Football power by 2050? China dream totters on shaky foundations

FOOTBALL: Five years ago, China under President Xi Jinping pledged to become a football power by 2050. But the financial collapse of the newly crowned Chinese champions raises fresh questions over that lofty goal.

FootballWorld-Cup
By AFP

Tuesday 2 March 2021, 04:05PM


Jiangsu FC on Sunday (Feb 28) said they had ceased operations – just three months after winning the Chinese Super League. Photo: AFP.

Jiangsu FC on Sunday (Feb 28) said they had ceased operations – just three months after winning the Chinese Super League. Photo: AFP.

On Sunday (Feb 28) Jiangsu FC said they had “ceased operations” – just three months after winning the Chinese Super League – in a move described as “shocking” by state media.

After rushing in to curry favour with Xi and the Communist Party, burnt investors are retreating again and last year 16 teams pulled out of Chinese football. More are set to follow.

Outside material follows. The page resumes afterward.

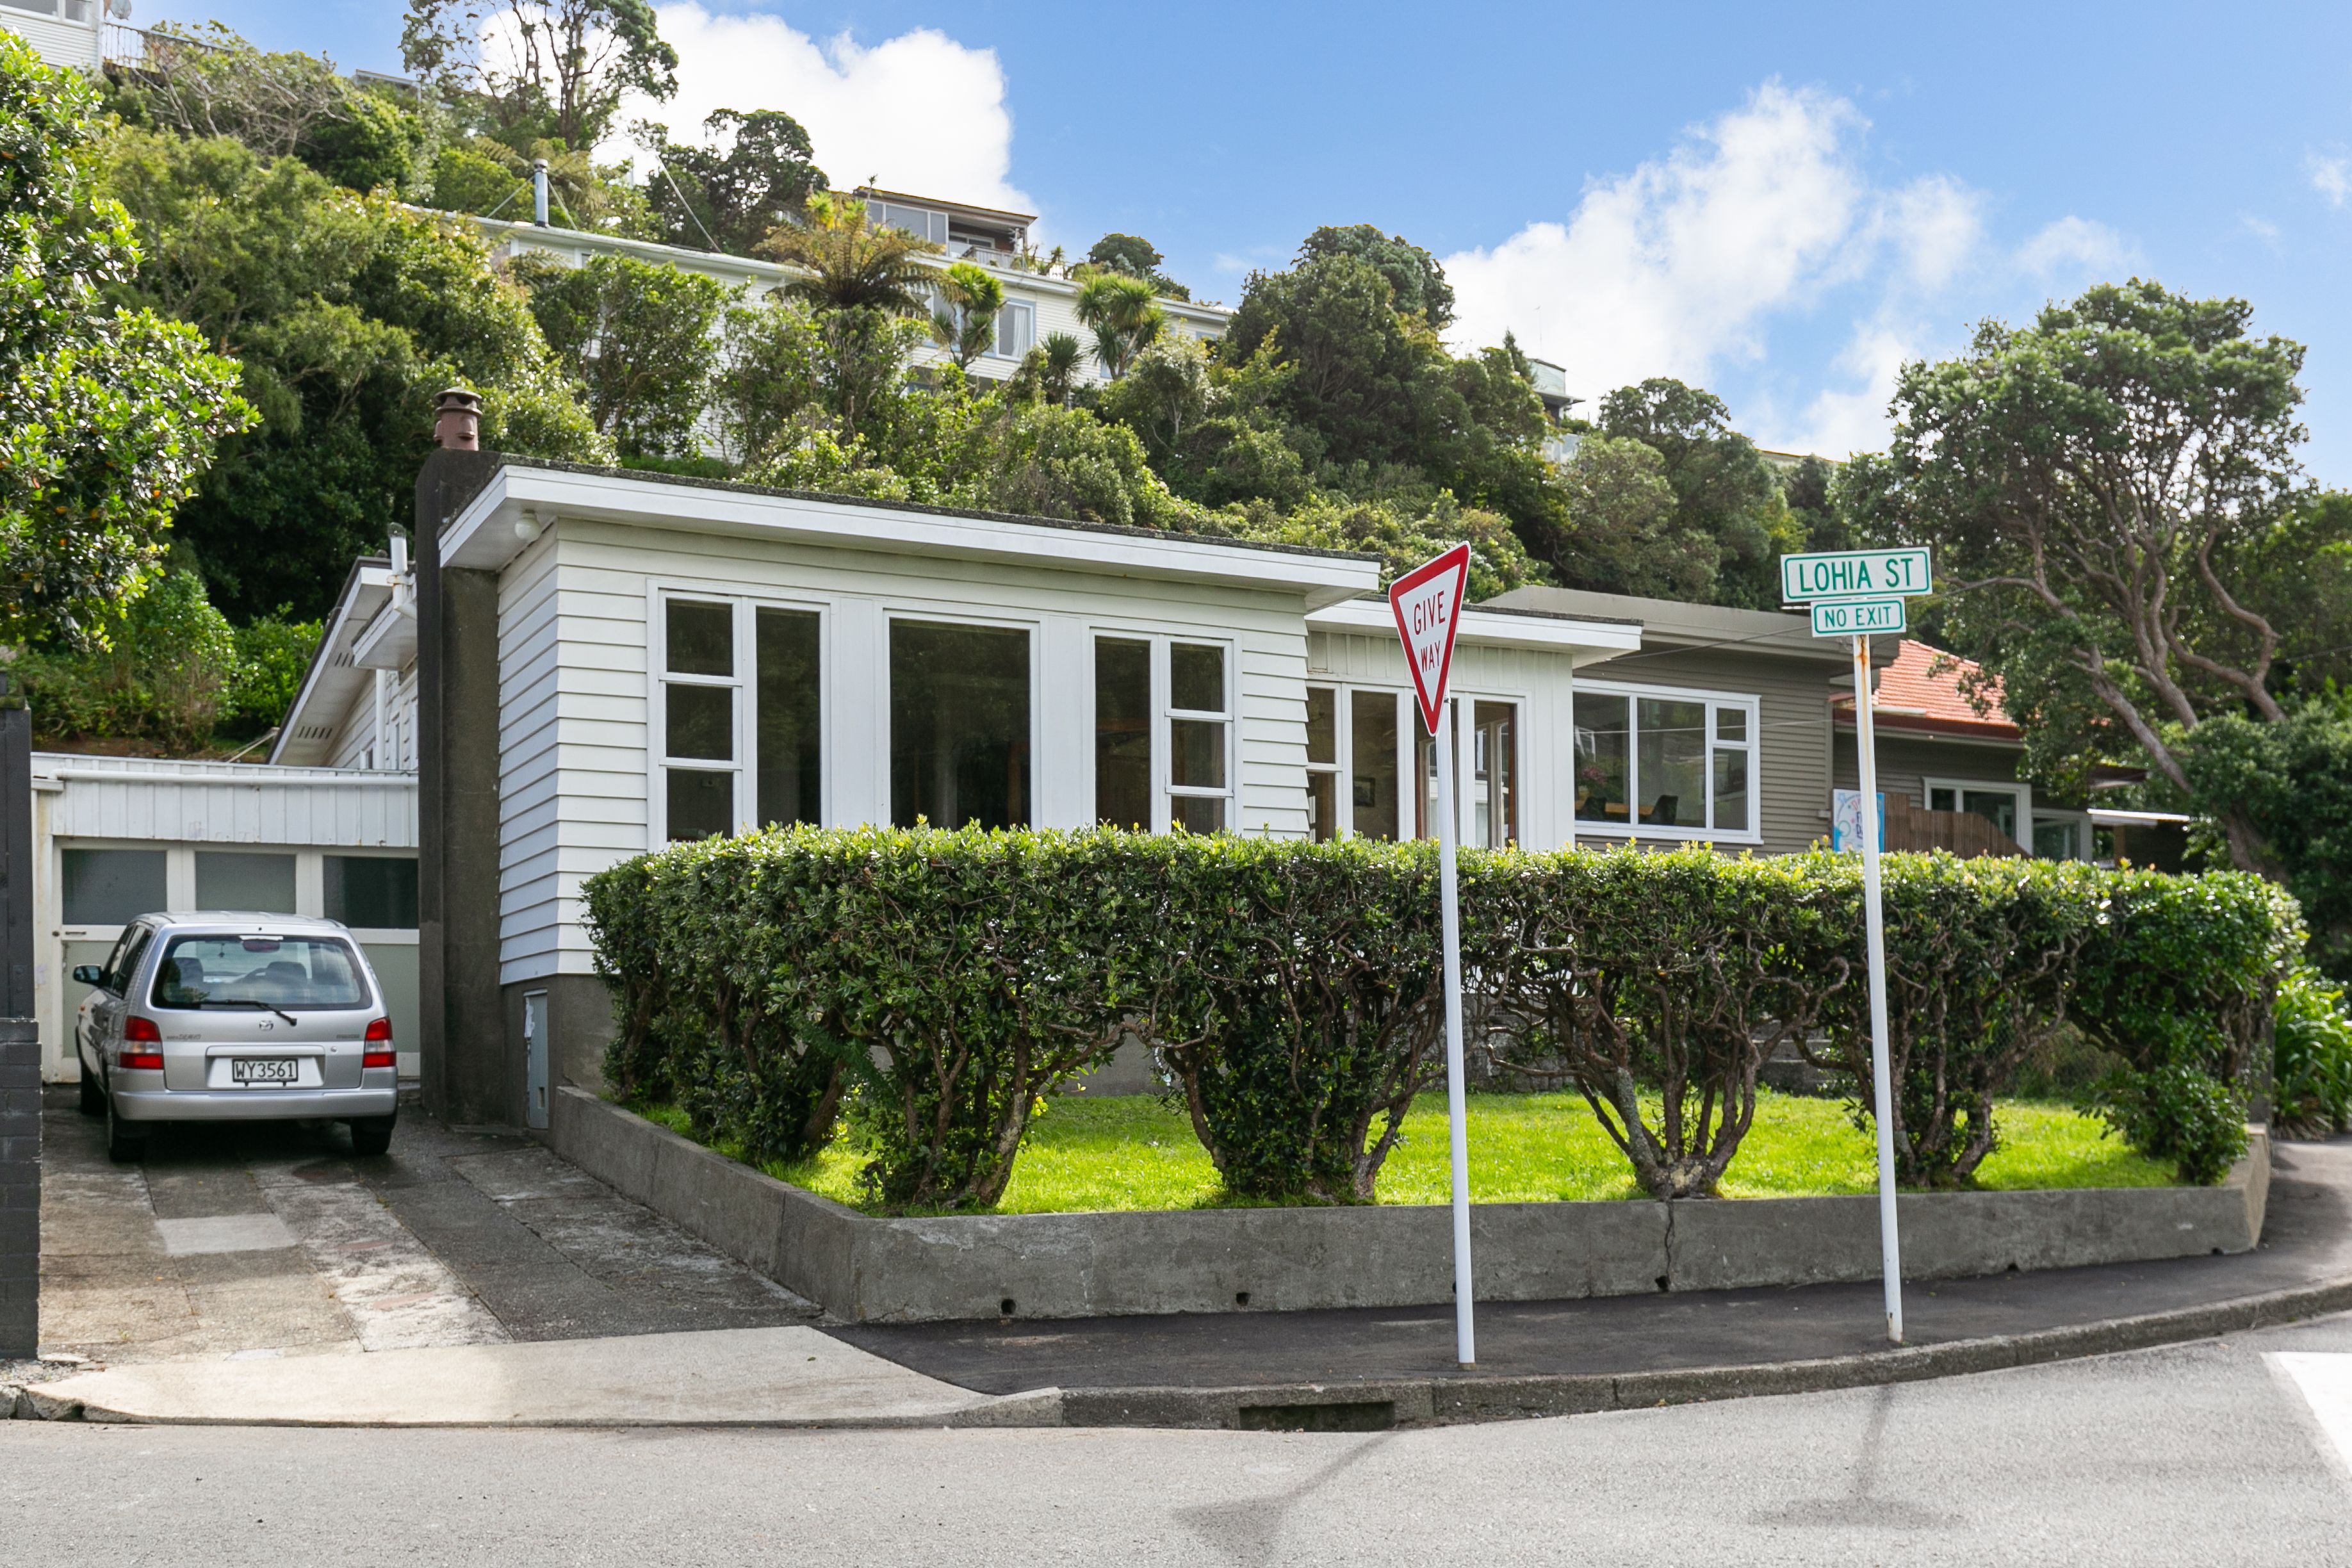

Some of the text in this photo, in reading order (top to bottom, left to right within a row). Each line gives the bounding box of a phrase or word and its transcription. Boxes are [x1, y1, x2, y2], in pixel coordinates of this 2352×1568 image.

It is a far cry from when the Super League broke the Asian transfer record five times in less than a year, culminating in Chelsea midfielder Oscar joining Shanghai SIPG for 60 million euros (B2.2 billion) in January 2017.

Argentine striker Carlos Tevez was lured by Shanghai Shenhua in the same transfer window on reported wages of 730,000 euros a week, the highest in the world.

But state-run Xinhua news agency said this week that soaring salaries and transfer fees, as clubs vied to outspend each other, had created “a bubble” that is now bursting.

Citing Chinese Football Association statistics, Xinhua said average expenditure in the 2018 season for the Super League’s 16 clubs was about 1.1bn yuan (B5.15bn), against average income of 686 million yuan.

“The CSL club expenditure is about 10 times higher than South Korea’s K League and three times higher than Japan’s J-League,” CFA president Chen Xuyuan said in December, when salary caps were announced.

Last straw’

Journalist Ma Dexing said that in 30 years covering Chinese football he has seen more than 200 clubs close, indicating a wider problem beyond the current crisis and the coronavirus pandemic, which delayed the Super League for months last year and forced it behind closed doors.

Tianjin Tigers, a Super League mainstay since its founding in 2004, are expected to dissolve within days and Hebei FC’s parent company is drowning in debt.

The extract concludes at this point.